Technically, we were off on SLU more than any other team, but I think that more has to do with luck. They were returning the 4th most scoring in the conference with pretty much all their important players coming back. Their recruiting class was only 9th, but the strength of their returning scoring had them projected for 5th in total offense. They missed that mark by quite a bit with the 10th ranked offense in the ECAC. So what happened? Basically the opposite of Colgate. Cameron Buhl went from 15 points in 17 games to 8 points in 32 games. David Jankowski went from 12 points in 15 games to 16 points in 33 games. It keeps going too. Luc Salem: 10 in 17 to 10 in 37. Nicholas Trela: 8 in 17 to 4 in 28. Greg Lapointe didn’t play at all after being diagnosed with cancer (our best wishes to him on making a full recovery). I’m not sure if those players had their numbers inflated due to a small sample size, or if they just struggled. As you can see though, it was essentially across the board as a team. Defensively, the Saints were also projected for 5th.

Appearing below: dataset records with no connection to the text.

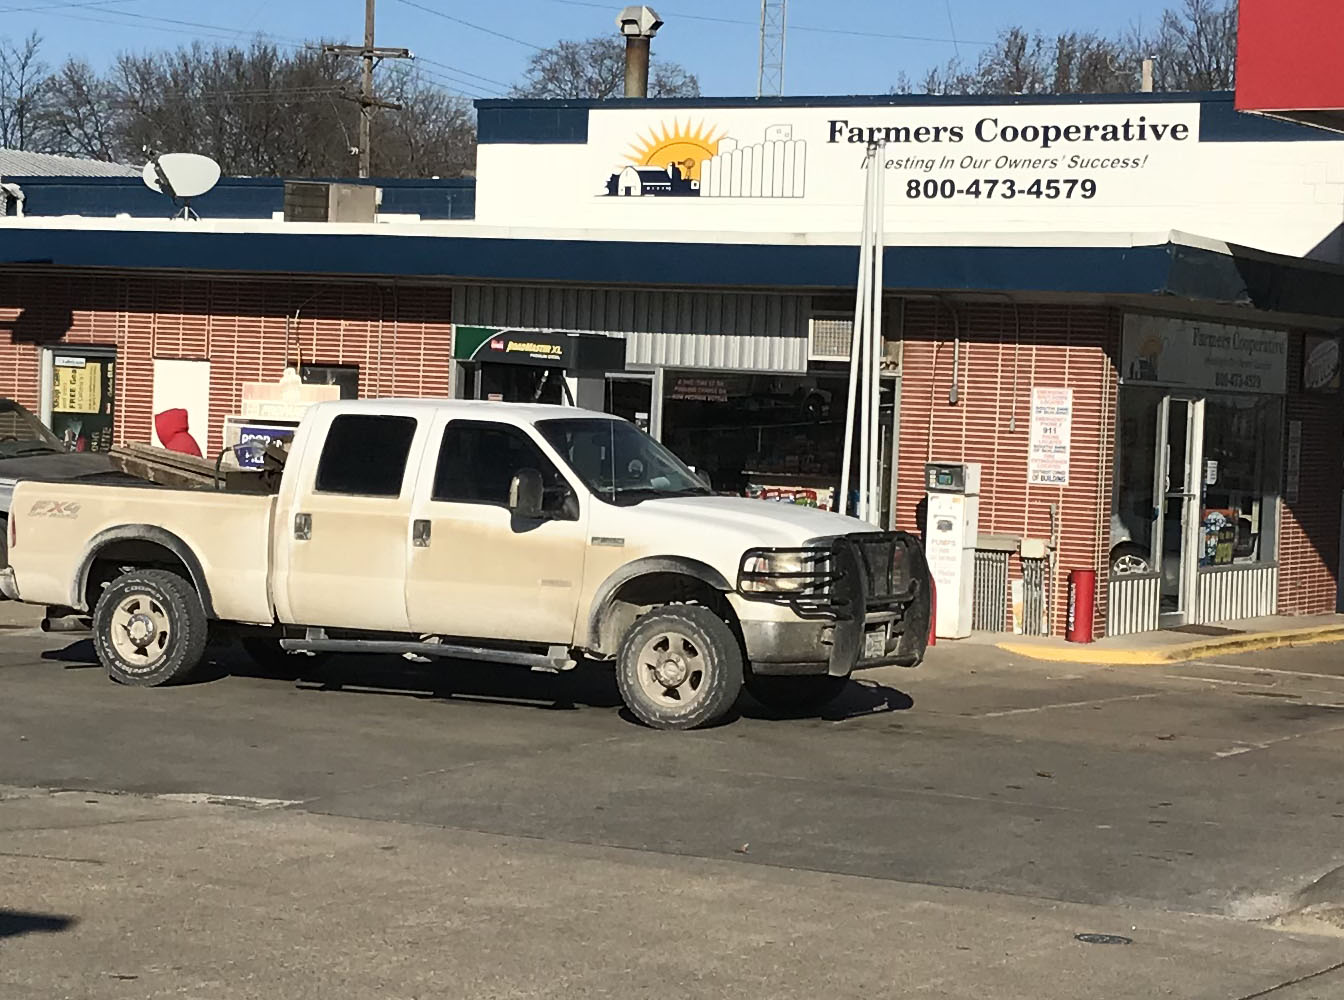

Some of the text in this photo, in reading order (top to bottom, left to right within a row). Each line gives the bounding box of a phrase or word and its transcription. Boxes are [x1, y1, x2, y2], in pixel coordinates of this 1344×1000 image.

[826, 116, 1190, 149] Farmers Cooperative
[939, 156, 956, 170] In
[959, 156, 990, 171] Our
[1067, 153, 1150, 170] Success!
[905, 178, 1098, 200] 800-473-4579
[29, 499, 81, 514] FX4
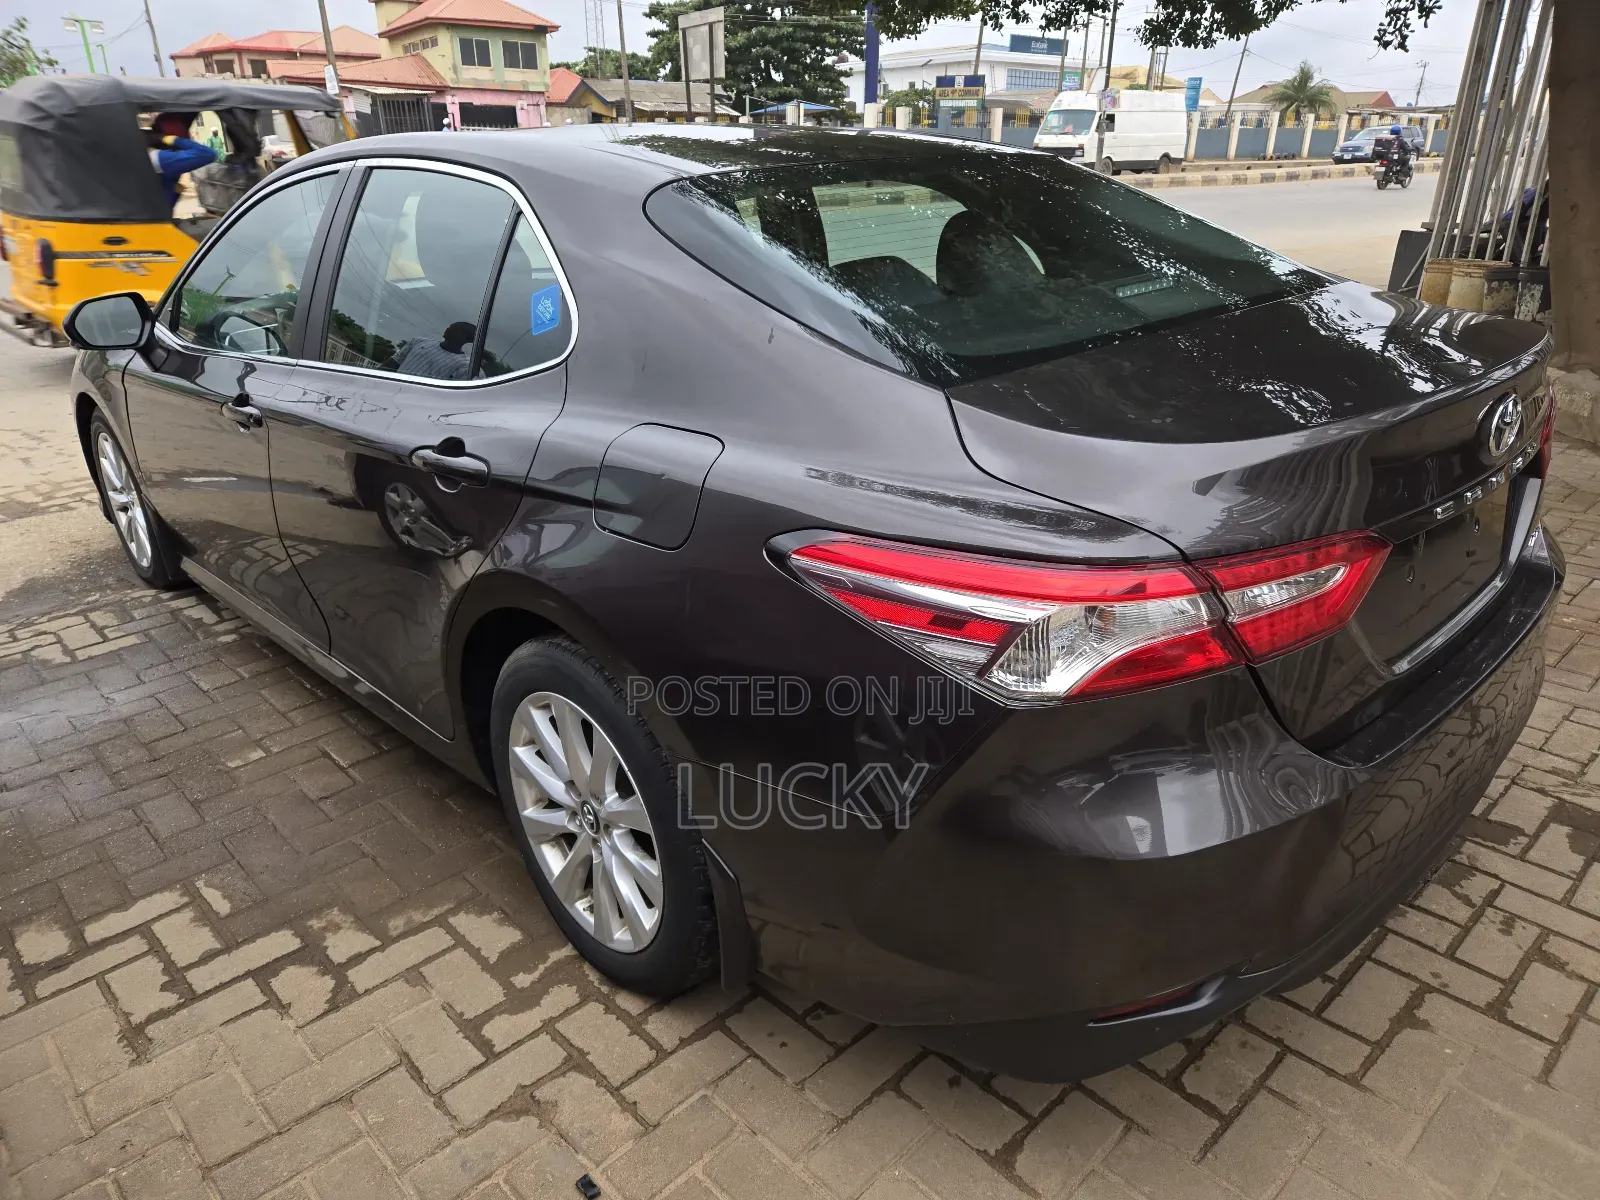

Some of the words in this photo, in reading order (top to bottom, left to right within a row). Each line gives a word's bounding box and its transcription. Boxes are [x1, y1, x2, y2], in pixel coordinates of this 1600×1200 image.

[939, 89, 949, 97] AREA
[958, 88, 980, 97] COMMAND
[939, 99, 977, 107] HEADQUARTERS
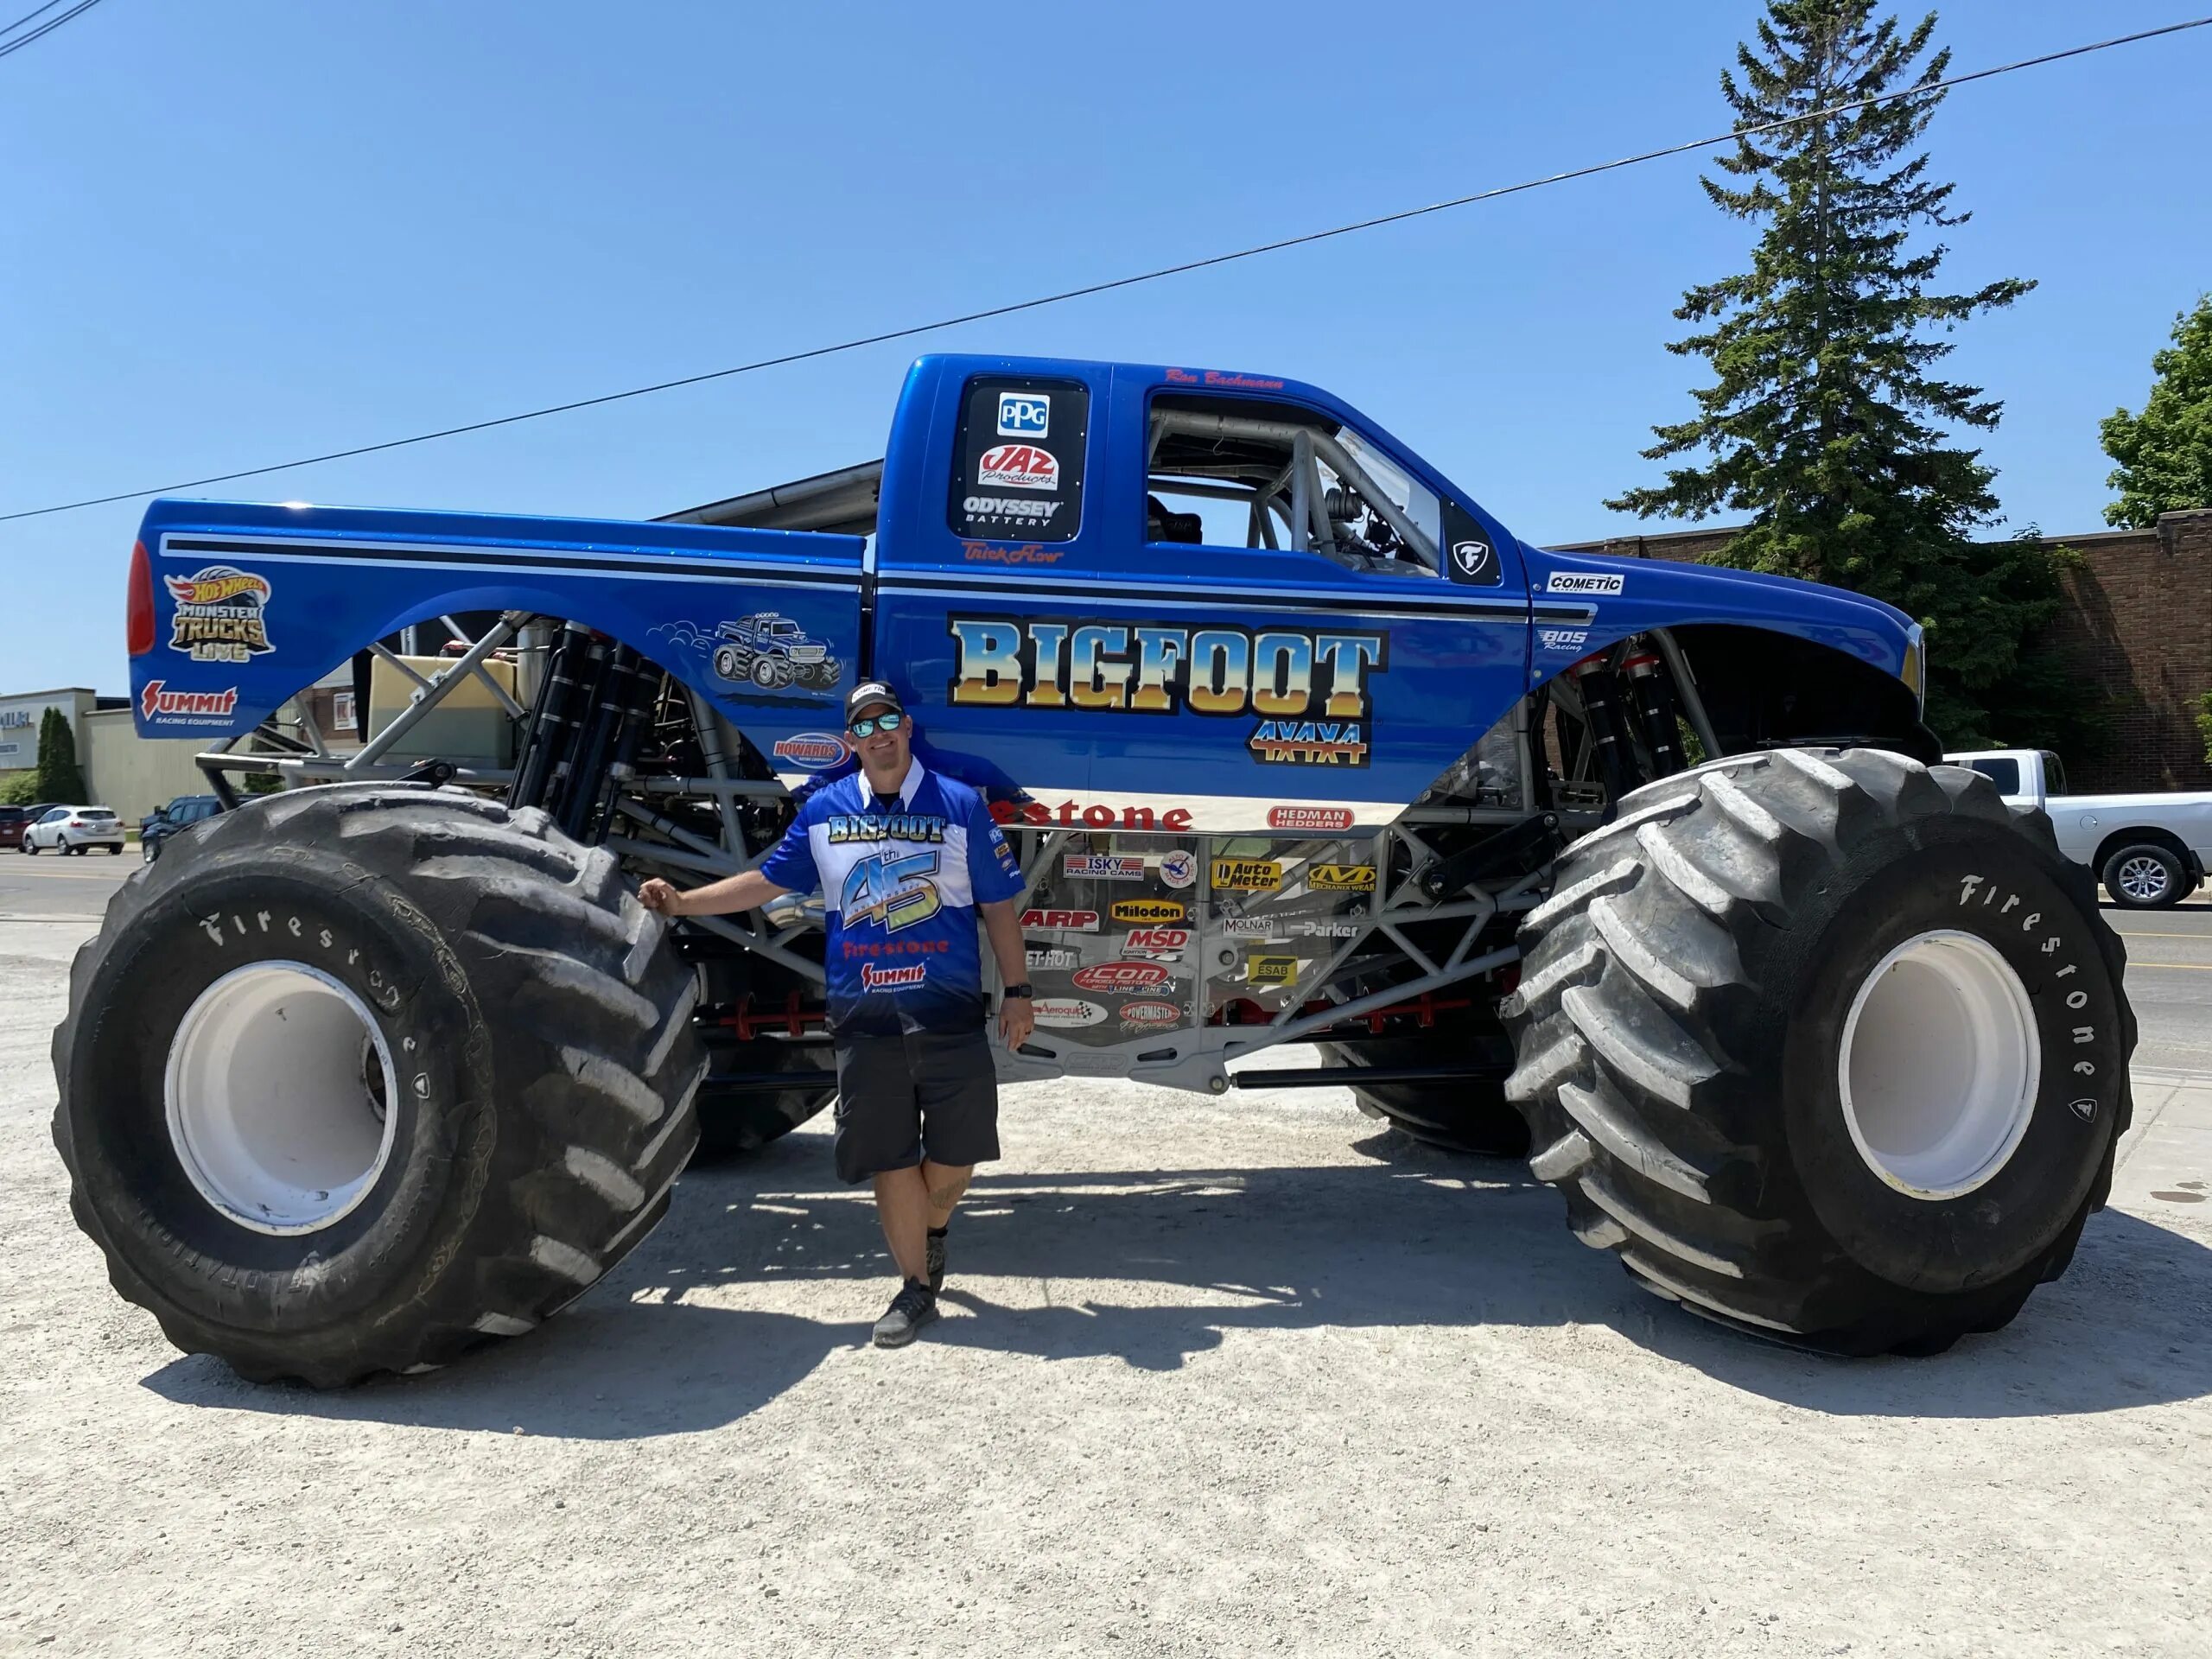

The model really disliked their defense for the most part funnily enough, but they were returning Emil Zetterquist in net. He had a 0.926 SV% the season before, and the model loved him and thought he’d really boost their defense. Volatile goaltending was once again a downfall as he fell to a 0.904 SV%, and the model was right to dislike the defense in front of him. This gets a bit into another discussion though, which is luck. Below the surface, SLU had good metrics. Their corsi was above 50%, and their shot share was just below 50%. The two most luck-based factors (the two factors of PDO) are shooting % and save %. We already went over that goaltending can fluctuate a lot year to year even with a good returning starter (Jeremie Forget, Emil Zetterquist). Shooting % usually goes along with the talent and skill on the roster, but there’s still a lot of luck that goes into it. St. Lawrence had one of the lowest shooting percentages in the country at 7.1%. Obviously, they lacked finishing talent, but that’s still below where I would have expected a team that was supposed to be solid to finish. If they had gotten even below average finishing, I bet they finish higher than Union at least.
Since the teams that the model was most wrong about had lots of returning scoring but went in opposite directions, it’s tough to know how to adjust the model for that. Player development isn’t linear and sometimes they do have bad years after having great ones. The common theme of goaltending fluctuating a lot though for the teams that we really missed the mark will definitely lead to a change designed to accommodate that. Overall, the model did great and got a lot right. There isn’t much that I think needs to be changed.